Directions for this task:
With every picture left out, give the data below back exactly.

** Opening Dataset records block **

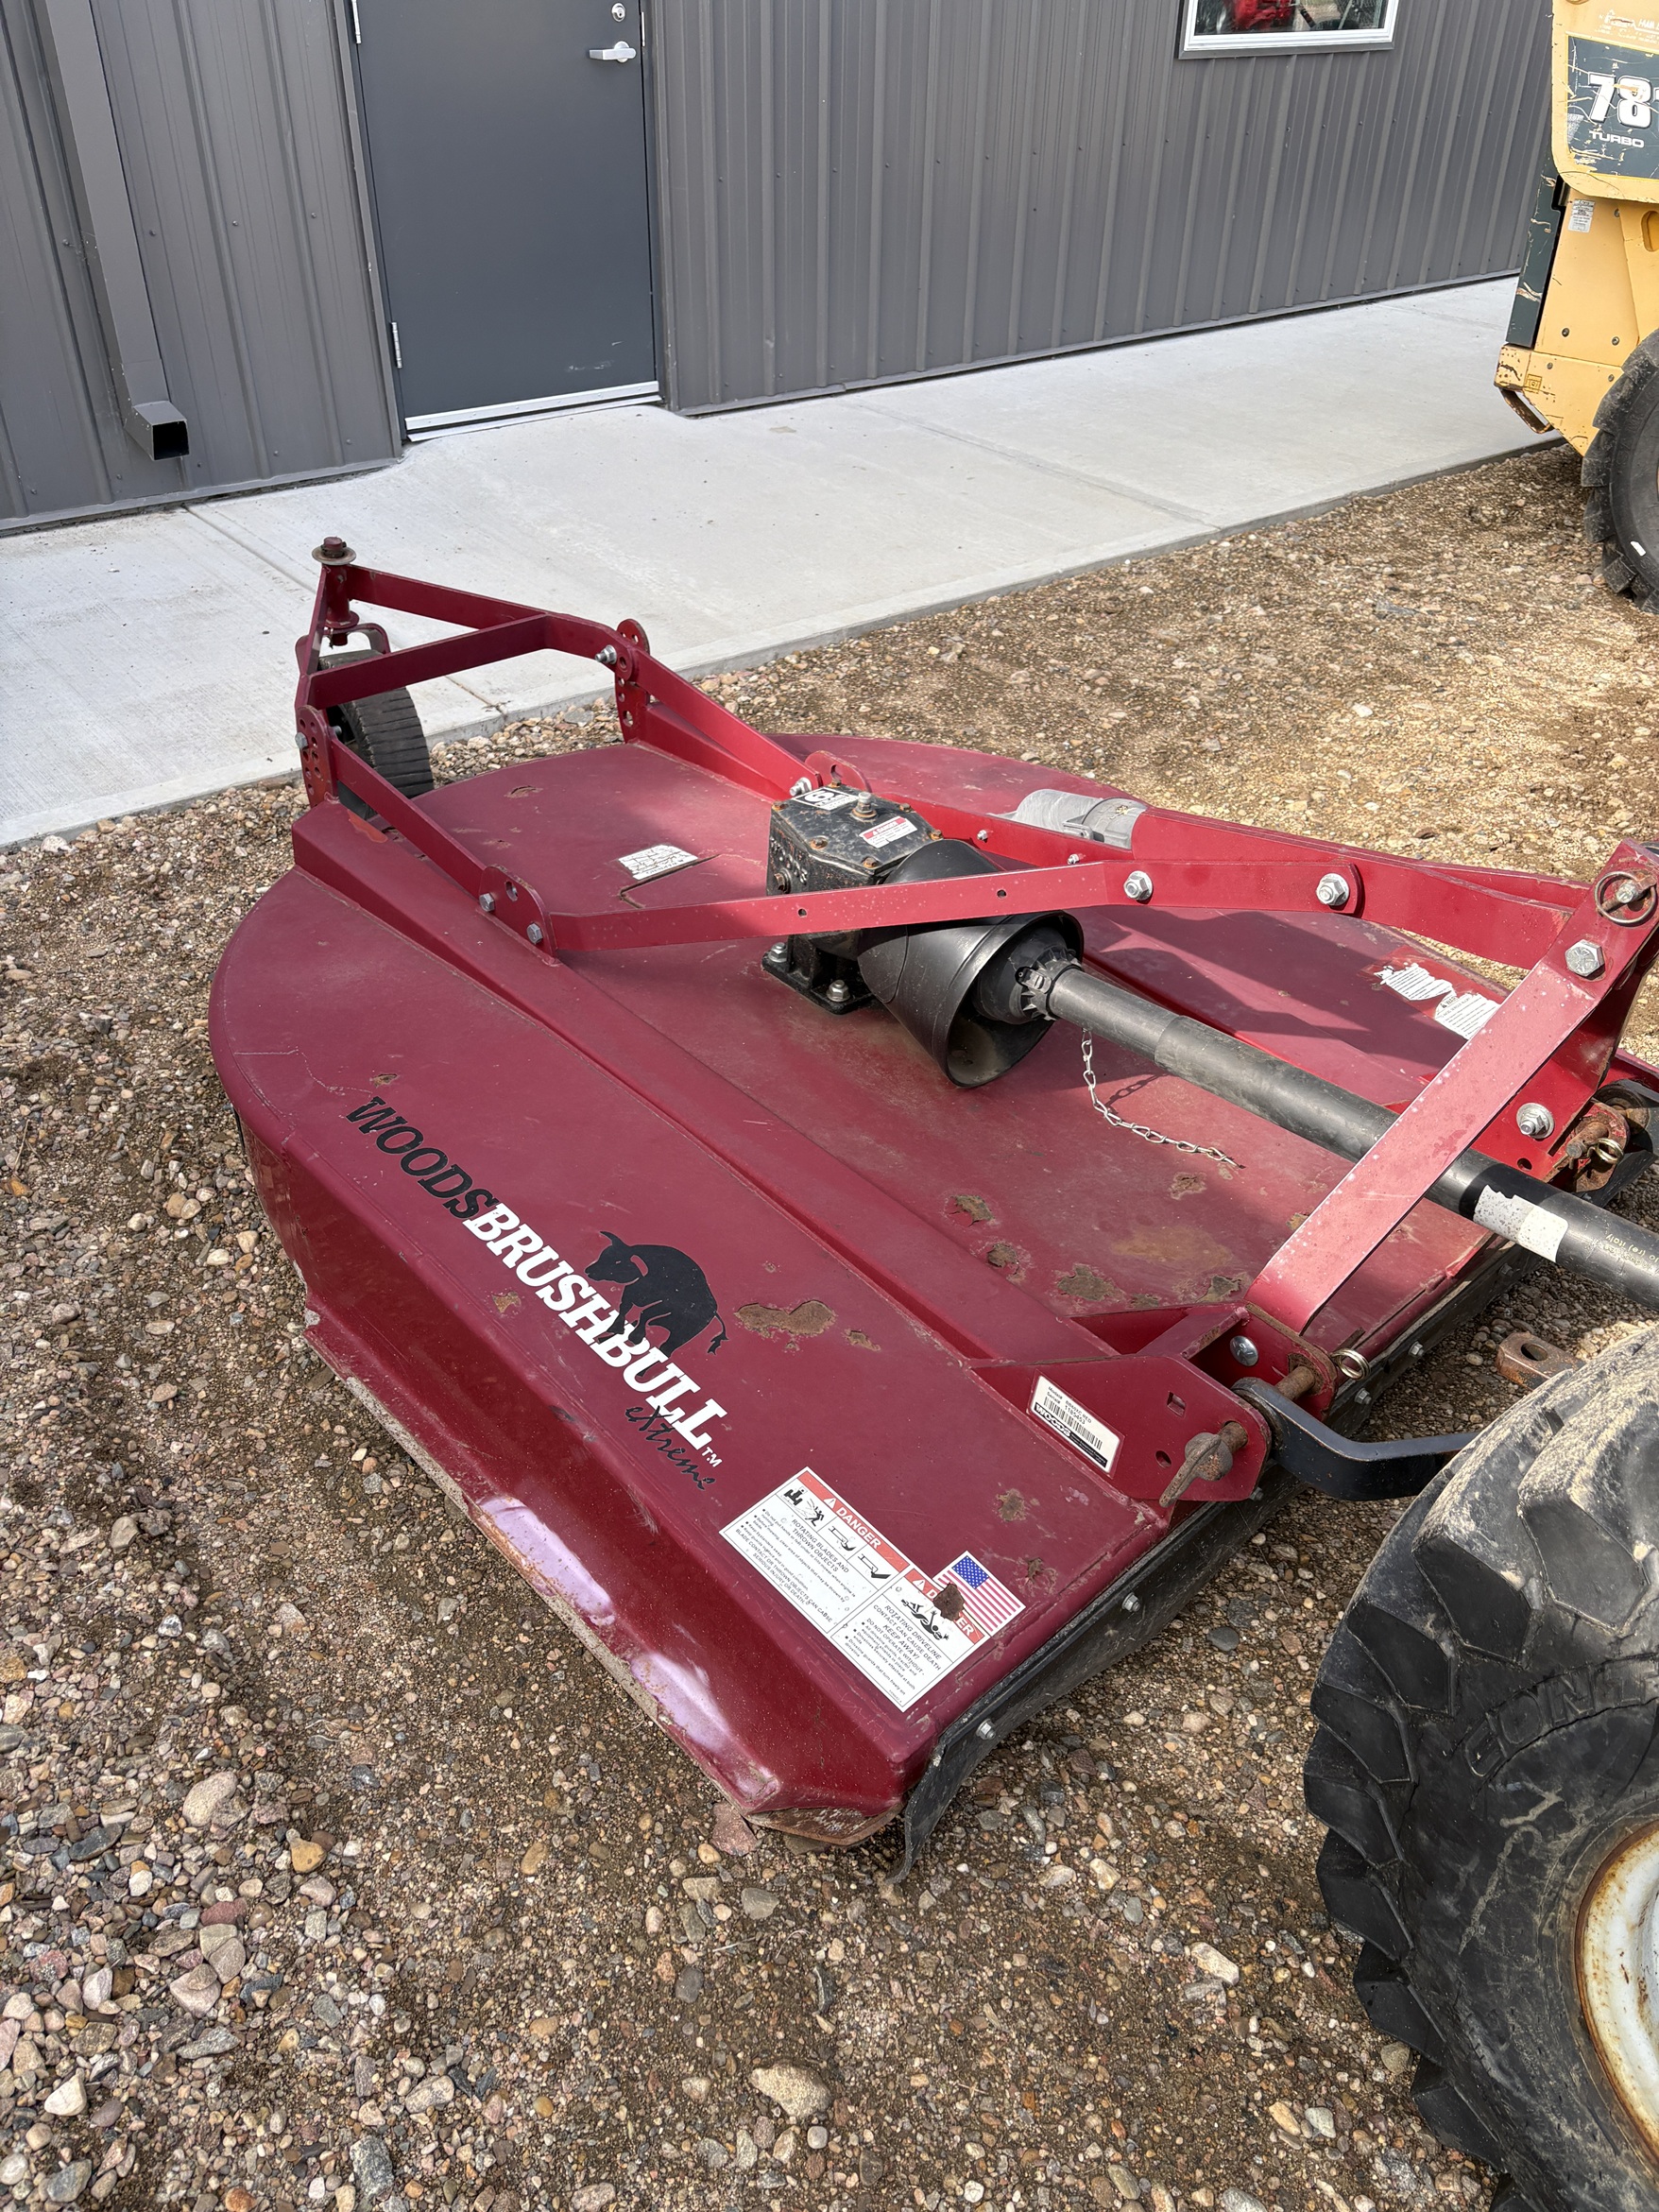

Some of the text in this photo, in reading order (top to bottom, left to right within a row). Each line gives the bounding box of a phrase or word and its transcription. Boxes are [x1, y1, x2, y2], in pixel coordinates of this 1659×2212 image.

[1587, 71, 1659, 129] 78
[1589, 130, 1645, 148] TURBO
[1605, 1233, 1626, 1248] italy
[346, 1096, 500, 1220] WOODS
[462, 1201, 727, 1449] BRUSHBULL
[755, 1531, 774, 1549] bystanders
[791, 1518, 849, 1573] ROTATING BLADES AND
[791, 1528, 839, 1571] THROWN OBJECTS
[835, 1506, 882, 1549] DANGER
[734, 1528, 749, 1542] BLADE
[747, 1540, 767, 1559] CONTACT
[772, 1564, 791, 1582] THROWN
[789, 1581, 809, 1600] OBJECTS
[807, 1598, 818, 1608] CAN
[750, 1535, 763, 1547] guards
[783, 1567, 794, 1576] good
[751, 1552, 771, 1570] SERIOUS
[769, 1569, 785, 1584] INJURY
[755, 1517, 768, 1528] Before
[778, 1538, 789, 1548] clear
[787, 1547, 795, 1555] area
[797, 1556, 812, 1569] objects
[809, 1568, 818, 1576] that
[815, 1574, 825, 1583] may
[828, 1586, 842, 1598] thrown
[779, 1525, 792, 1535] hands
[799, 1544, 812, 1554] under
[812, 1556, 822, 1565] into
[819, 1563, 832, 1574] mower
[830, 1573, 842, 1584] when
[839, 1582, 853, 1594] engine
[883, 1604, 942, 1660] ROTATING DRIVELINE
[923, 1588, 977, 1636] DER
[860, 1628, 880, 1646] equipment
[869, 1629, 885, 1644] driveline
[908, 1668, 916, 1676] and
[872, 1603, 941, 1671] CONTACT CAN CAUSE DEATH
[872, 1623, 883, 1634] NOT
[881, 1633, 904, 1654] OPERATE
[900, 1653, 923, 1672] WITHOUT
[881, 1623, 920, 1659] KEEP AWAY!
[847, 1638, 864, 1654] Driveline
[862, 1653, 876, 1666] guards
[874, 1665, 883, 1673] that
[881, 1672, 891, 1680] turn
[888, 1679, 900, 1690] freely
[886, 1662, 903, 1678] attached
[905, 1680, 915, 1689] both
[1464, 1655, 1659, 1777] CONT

** Closing Dataset records block **

Answer space:
Some of the text in this photo, in reading order (top to bottom, left to right within a row). Each line gives the bounding box of a phrase or word and its transcription. Boxes are [x1, y1, x2, y2], in pixel coordinates of this 1659×2212 image.

[1587, 71, 1659, 129] 78
[1589, 130, 1645, 148] TURBO
[1605, 1233, 1626, 1248] italy
[346, 1096, 500, 1220] WOODS
[462, 1201, 727, 1449] BRUSHBULL
[755, 1531, 774, 1549] bystanders
[791, 1518, 849, 1573] ROTATING BLADES AND
[791, 1528, 839, 1571] THROWN OBJECTS
[835, 1506, 882, 1549] DANGER
[734, 1528, 749, 1542] BLADE
[747, 1540, 767, 1559] CONTACT
[772, 1564, 791, 1582] THROWN
[789, 1581, 809, 1600] OBJECTS
[807, 1598, 818, 1608] CAN
[750, 1535, 763, 1547] guards
[783, 1567, 794, 1576] good
[751, 1552, 771, 1570] SERIOUS
[769, 1569, 785, 1584] INJURY
[755, 1517, 768, 1528] Before
[778, 1538, 789, 1548] clear
[787, 1547, 795, 1555] area
[797, 1556, 812, 1569] objects
[809, 1568, 818, 1576] that
[815, 1574, 825, 1583] may
[828, 1586, 842, 1598] thrown
[779, 1525, 792, 1535] hands
[799, 1544, 812, 1554] under
[812, 1556, 822, 1565] into
[819, 1563, 832, 1574] mower
[830, 1573, 842, 1584] when
[839, 1582, 853, 1594] engine
[883, 1604, 942, 1660] ROTATING DRIVELINE
[923, 1588, 977, 1636] DER
[860, 1628, 880, 1646] equipment
[869, 1629, 885, 1644] driveline
[908, 1668, 916, 1676] and
[872, 1603, 941, 1671] CONTACT CAN CAUSE DEATH
[872, 1623, 883, 1634] NOT
[881, 1633, 904, 1654] OPERATE
[900, 1653, 923, 1672] WITHOUT
[881, 1623, 920, 1659] KEEP AWAY!
[847, 1638, 864, 1654] Driveline
[862, 1653, 876, 1666] guards
[874, 1665, 883, 1673] that
[881, 1672, 891, 1680] turn
[888, 1679, 900, 1690] freely
[886, 1662, 903, 1678] attached
[905, 1680, 915, 1689] both
[1464, 1655, 1659, 1777] CONT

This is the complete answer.